» **RECORDS SHOWN**:
• • • • •

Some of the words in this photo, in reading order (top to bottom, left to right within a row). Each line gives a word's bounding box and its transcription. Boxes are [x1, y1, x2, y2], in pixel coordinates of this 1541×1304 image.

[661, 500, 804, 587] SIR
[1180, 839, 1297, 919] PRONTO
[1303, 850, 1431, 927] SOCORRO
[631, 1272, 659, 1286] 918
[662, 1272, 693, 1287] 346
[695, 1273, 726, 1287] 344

• • • • •

» **TASK BRIEF**: Retype the material in full, keeping each line exactly as it is.

» **ANSWER TO THE PROBLEM**:
Some of the words in this photo, in reading order (top to bottom, left to right within a row). Each line gives a word's bounding box and its transcription. Boxes are [x1, y1, x2, y2], in pixel coordinates of this 1541×1304 image.

[661, 500, 804, 587] SIR
[1180, 839, 1297, 919] PRONTO
[1303, 850, 1431, 927] SOCORRO
[631, 1272, 659, 1286] 918
[662, 1272, 693, 1287] 346
[695, 1273, 726, 1287] 344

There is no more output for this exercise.